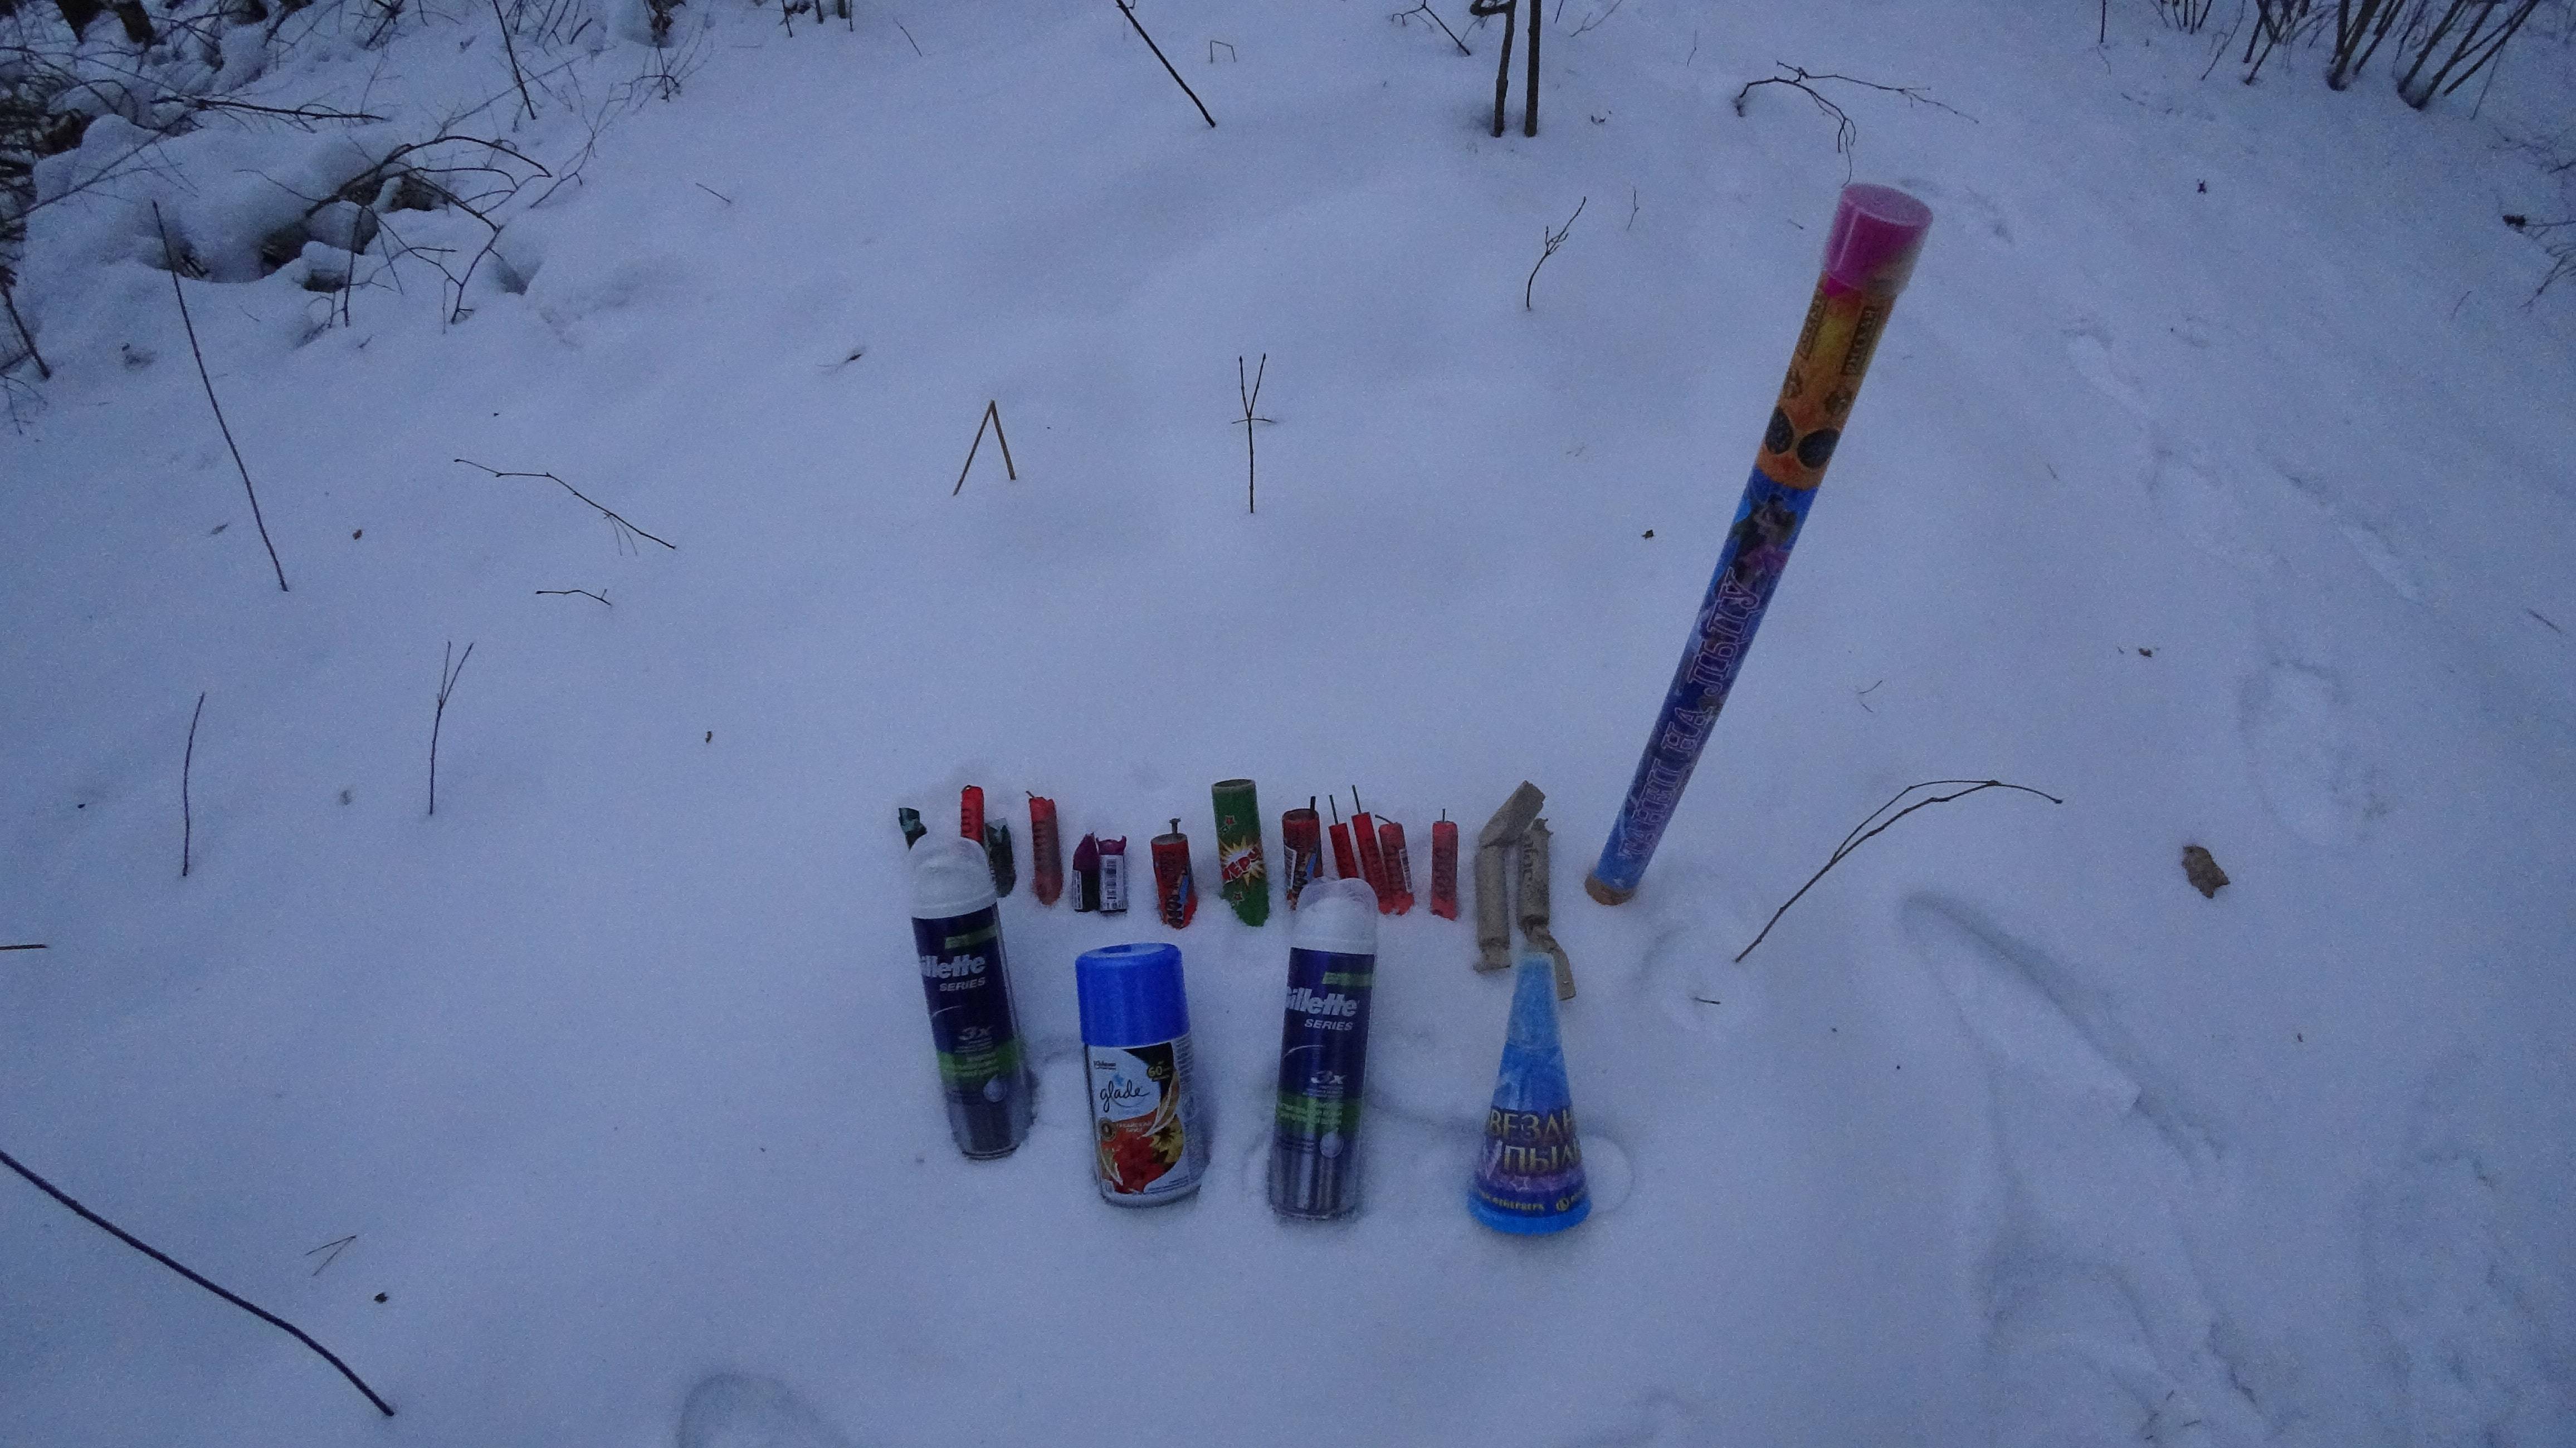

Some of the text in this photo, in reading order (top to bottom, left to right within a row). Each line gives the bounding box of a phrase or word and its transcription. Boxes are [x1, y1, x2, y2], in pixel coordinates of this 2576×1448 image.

[1687, 567, 1760, 697] ЛЬДУ
[1661, 706, 1715, 757] НА
[920, 955, 987, 979] illette
[939, 977, 986, 992] SERIES
[1304, 1019, 1354, 1031] SERIES
[1148, 1065, 1163, 1077] 60
[1100, 1079, 1150, 1113] glade
[1488, 1108, 1573, 1141] ВЕЗДН

◇ ◇ ◇ ◇ ◇

The task |
Each line above must be repeated exactly in the answer, with pictures omitted.

Result for this exercise |
Some of the text in this photo, in reading order (top to bottom, left to right within a row). Each line gives the bounding box of a phrase or word and its transcription. Boxes are [x1, y1, x2, y2], in pixel coordinates of this 2576×1448 image.

[1687, 567, 1760, 697] ЛЬДУ
[1661, 706, 1715, 757] НА
[920, 955, 987, 979] illette
[939, 977, 986, 992] SERIES
[1304, 1019, 1354, 1031] SERIES
[1148, 1065, 1163, 1077] 60
[1100, 1079, 1150, 1113] glade
[1488, 1108, 1573, 1141] ВЕЗДН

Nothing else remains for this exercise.